*TASK INSTRUCTIONS*
An exact, complete copy of the entries below is required, minus any pictures.

Saved entries
╭──
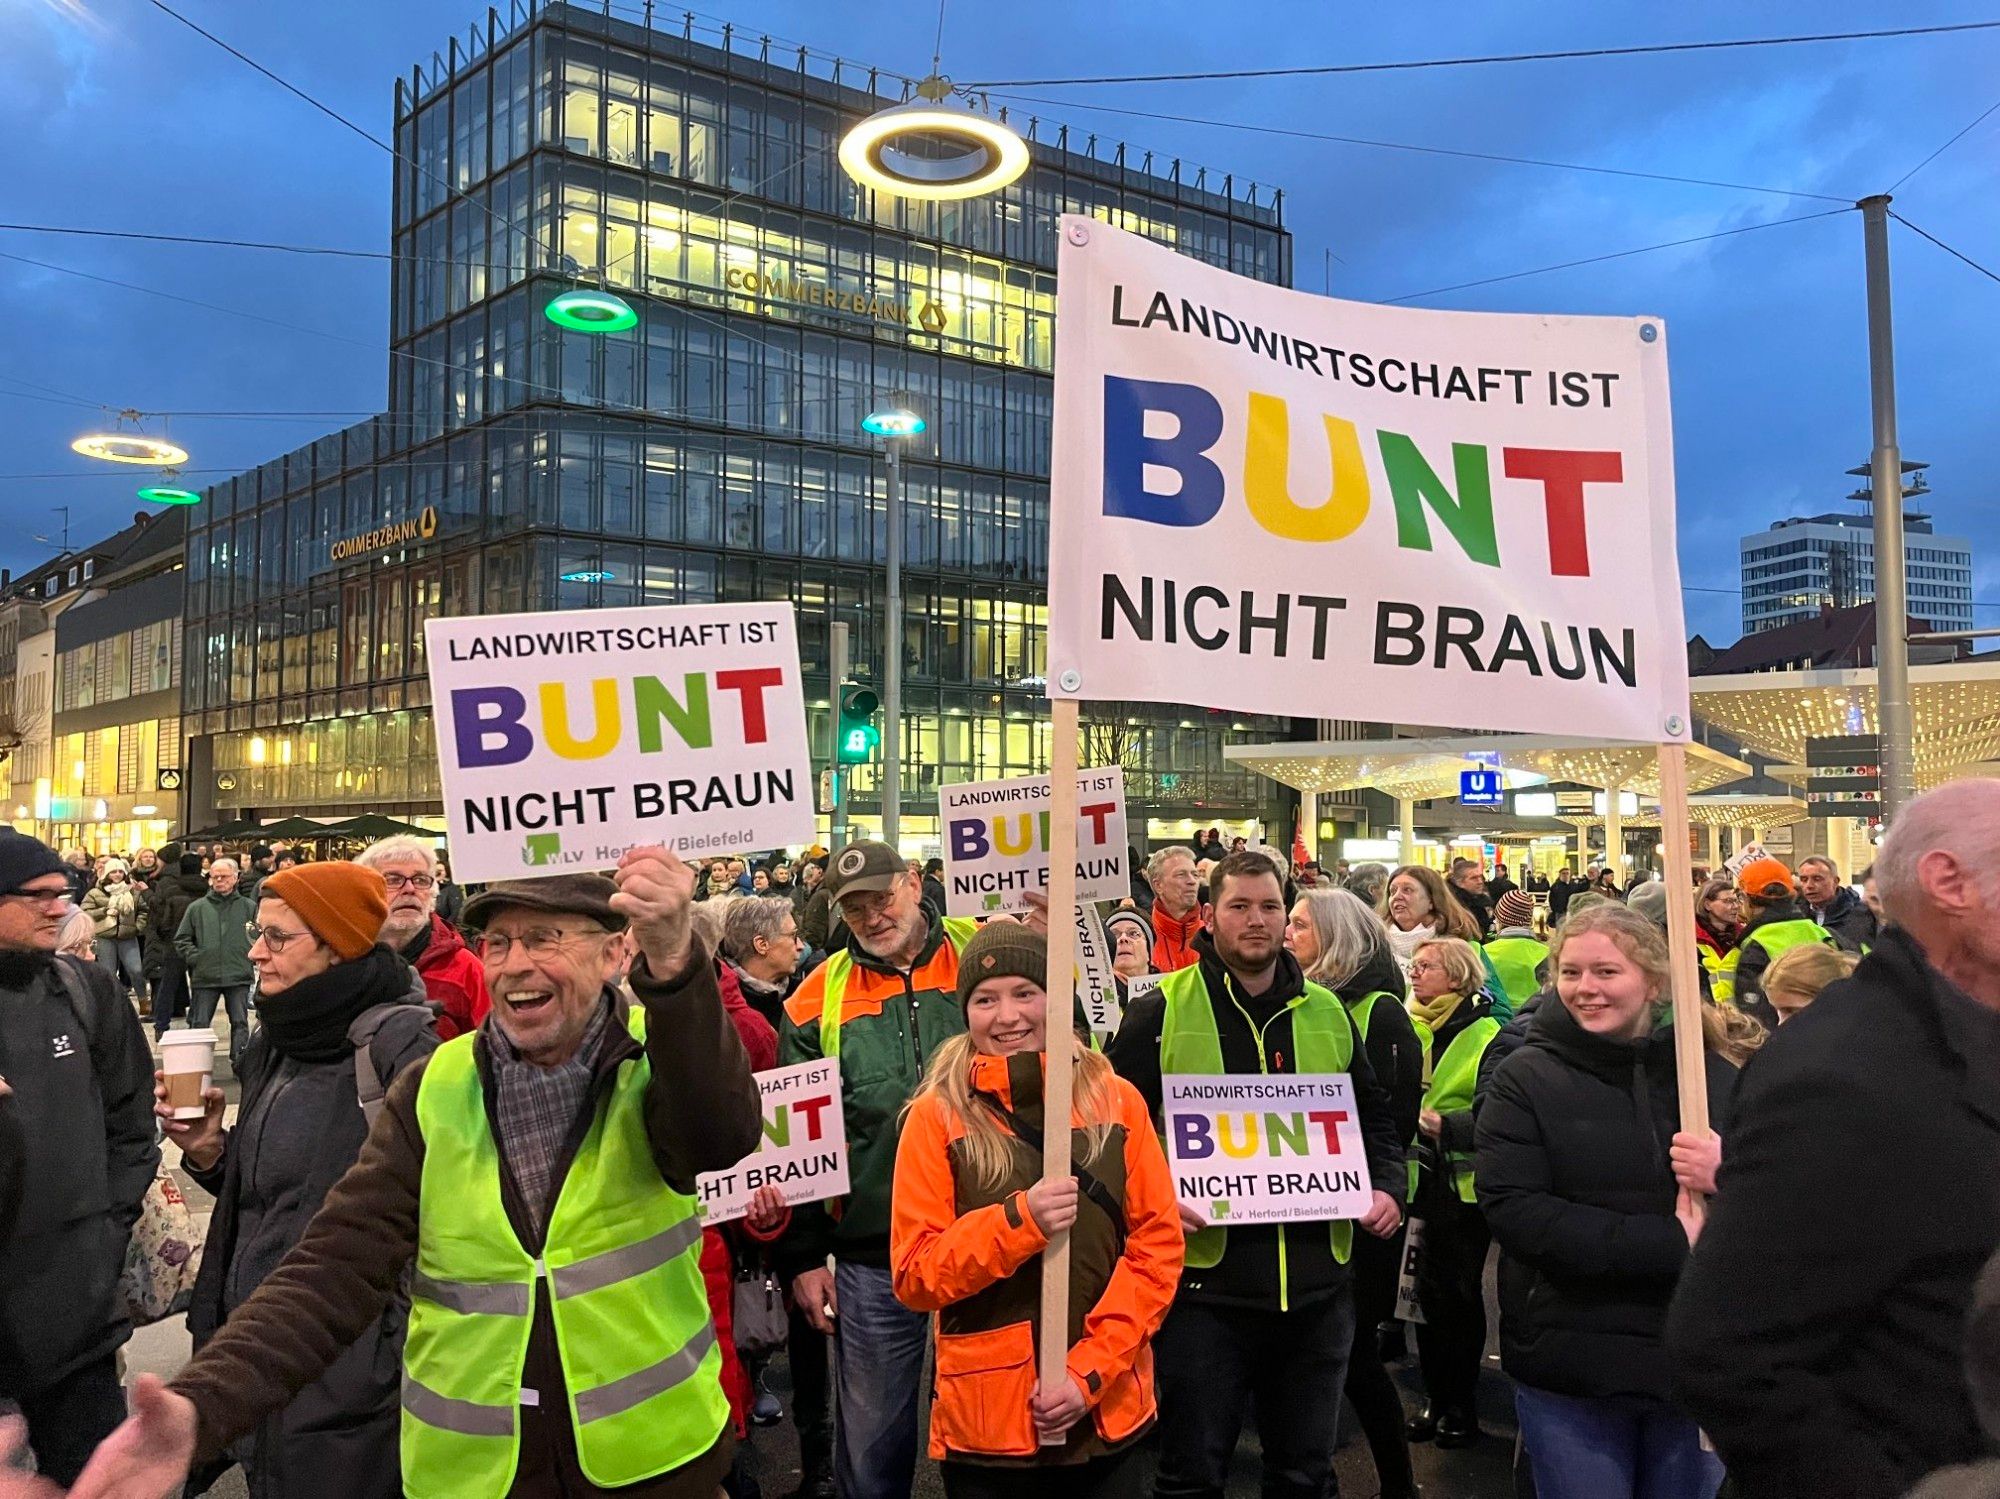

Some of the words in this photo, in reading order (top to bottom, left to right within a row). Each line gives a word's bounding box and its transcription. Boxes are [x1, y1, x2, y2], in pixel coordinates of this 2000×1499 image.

[726, 269, 912, 324] COMMERZBANK
[1112, 285, 1531, 404] LANDWIRTSCHAFT
[1549, 371, 1620, 408] IST
[1102, 374, 1624, 577] BUNT
[331, 518, 418, 560] COMMERZBANK
[449, 623, 731, 661] LANDWIRTSCHAFT
[741, 621, 778, 644] IST
[1101, 574, 1346, 661] NICHT
[1374, 601, 1638, 688] BRAUN
[450, 667, 783, 769] BUNT
[463, 786, 616, 835] NICHT
[633, 768, 795, 820] BRAUN
[949, 780, 1089, 807] LANDWIRTSCT
[1093, 777, 1114, 790] IST
[1470, 774, 1486, 791] U
[949, 802, 1116, 862] BUT
[954, 869, 1030, 895] NICHT
[1038, 857, 1120, 887] BAUN
[1075, 905, 1095, 958] BRAU
[1086, 964, 1105, 1024] NICHT
[759, 1074, 801, 1095] HAFT
[807, 1068, 830, 1086] IST
[1172, 1084, 1316, 1099] LANDWIRTSCHAFT
[1320, 1084, 1344, 1097] IST
[754, 1095, 832, 1153] NT
[1172, 1110, 1349, 1161] BUNT
[698, 1174, 737, 1202] HT
[746, 1152, 838, 1190] BRAUN
[1179, 1175, 1258, 1198] NICHT
[1267, 1171, 1361, 1195] BRAUN
╰──
*WRITTEN SOLUTION*
Some of the words in this photo, in reading order (top to bottom, left to right within a row). Each line gives a word's bounding box and its transcription. Boxes are [x1, y1, x2, y2], in pixel coordinates of this 2000×1499 image.

[726, 269, 912, 324] COMMERZBANK
[1112, 285, 1531, 404] LANDWIRTSCHAFT
[1549, 371, 1620, 408] IST
[1102, 374, 1624, 577] BUNT
[331, 518, 418, 560] COMMERZBANK
[449, 623, 731, 661] LANDWIRTSCHAFT
[741, 621, 778, 644] IST
[1101, 574, 1346, 661] NICHT
[1374, 601, 1638, 688] BRAUN
[450, 667, 783, 769] BUNT
[463, 786, 616, 835] NICHT
[633, 768, 795, 820] BRAUN
[949, 780, 1089, 807] LANDWIRTSCT
[1093, 777, 1114, 790] IST
[1470, 774, 1486, 791] U
[949, 802, 1116, 862] BUT
[954, 869, 1030, 895] NICHT
[1038, 857, 1120, 887] BAUN
[1075, 905, 1095, 958] BRAU
[1086, 964, 1105, 1024] NICHT
[759, 1074, 801, 1095] HAFT
[807, 1068, 830, 1086] IST
[1172, 1084, 1316, 1099] LANDWIRTSCHAFT
[1320, 1084, 1344, 1097] IST
[754, 1095, 832, 1153] NT
[1172, 1110, 1349, 1161] BUNT
[698, 1174, 737, 1202] HT
[746, 1152, 838, 1190] BRAUN
[1179, 1175, 1258, 1198] NICHT
[1267, 1171, 1361, 1195] BRAUN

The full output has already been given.